1. Educate yourself
Educating yourself is sometimes easier said than done. There is so much information to take in – especially when a diagnosis is new. Learning is a process so you shouldn’t expect to know everything there is to know about the diagnosis, treatment and available support right away. Take initiative to learn and let it be at your own pace.
2. The individual has a Mental Illness but is more than a diagnosis.
It is sometimes easy to let an individual’s diagnosis become all we see. You may attribute all behavior to the mental illness. Sometimes an individual just has a bad day or is angry or cranky and it has nothing to do with taking their medication or a relapse.
Keep a balance – be aware of behaviors and comments that might be indicative of a break or problems arising but don’t assume everything is related to the individual’s diagnosis.
Like everyone, your family member has good days and bad days, times they excel and times they struggle. Try and remember that individuals are more than the sum of their parts.
3. It is OK and even necessary to speak up for yourself and your family.
Advocate for yourself and/or your family. You know yourself better than anyone else. You know if you or your family member is acting out of character. Listen to the professionals and your support system but also trust yourself and your gut. Speak up because if you don’t -no one else may either.
4. Take time for yourself
Do your best to find time for yourself away from the everyday issues. Do you like shopping, walking through the park, reading stories on the internet, grabbing coffee with a friend, scrapbooking, church, cooking, or exercising? Try to find some time to do the things you enjoy. If you don’t practice self-care it will not only be impossible to care for someone else, it will be difficult to remain present in relationships with others.
5. Forgive yourself
Often we are our harshest critics. Do you get angry or resentful then feel guilty? Do you think you could be coping better or wish you had handled a situation differently. This is all normal. It is OK to feel resentful; it is OK to be angry. Accept your feelings for what they are. No one is perfect; no one reacts well all of the time. Keep in mind that you have positive feelings and reactions too. Try to identify positive moments and feelings you have had when you are down on yourself. If you find yourself in a place where you are unable to identify any moments of happiness or joy, you may need additional support or professional assistance. People are imperfect. Take where you are, look at who you want to be – behaviors you want to have and take steps to get there. It is Ok. Forgive yourself.

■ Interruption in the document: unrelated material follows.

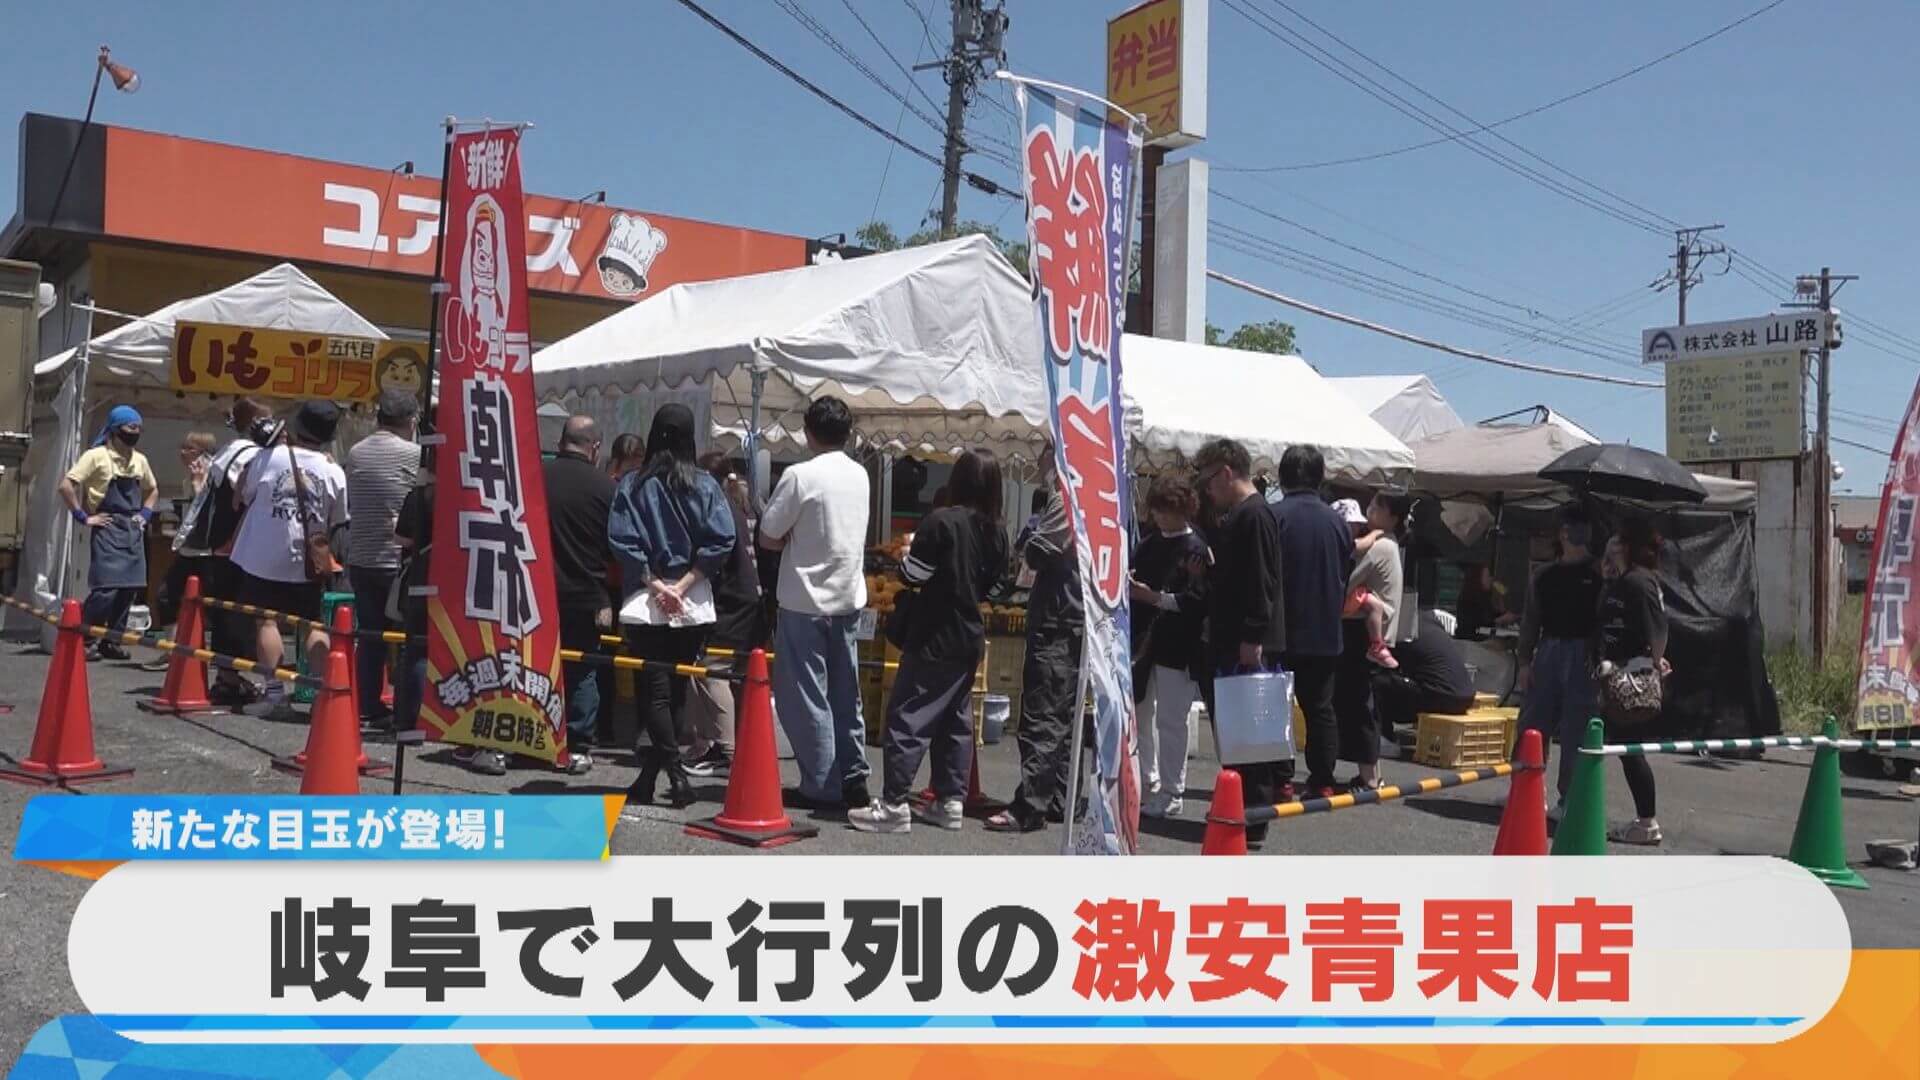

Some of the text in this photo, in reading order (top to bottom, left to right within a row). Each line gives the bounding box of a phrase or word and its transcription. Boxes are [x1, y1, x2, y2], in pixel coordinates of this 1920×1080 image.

6. You only have control over your own behaviors.
It is always difficult to watch someone you care about suffer and struggle. You can guide, assist, support and love your family member but you cannot live a life for them. It is not usually an option to force someone to take medications or go to therapy or treatment. Spending your time trying to make an individual do anything is bound to end up in frustration. Try to behave in a manner consistent with your own values. Offer support to your family member but understand you don’t have control of their behaviors.
7. Remind yourself that mental illness is not shameful.
Individuals and families with mental illness often feel shame and may be embarrassed about the stigmas surrounding mental illness. There also may be times where your family member’s words or actions are uncomfortable. Sometimes the shame has been there so long, it feels a part of you. Use self-talk to remind yourself that mental illness is not shameful. Remind yourself living and supporting a mental illness takes courage and strength.
8. Get support
No one can do it alone. Everyone needs support. Utilize friends and family. Look up resources and get involved in support groups such as the National Association of Mental Illness or others to interact with individuals who may have similar experiences.
9. Get professional assistance
Sometimes it is beneficial to get professional assistance. A neutral individual who has been trained to assist you with your journey can be helpful. They may have skills and help you find insight and contentment you might not otherwise because you are too close to the situation.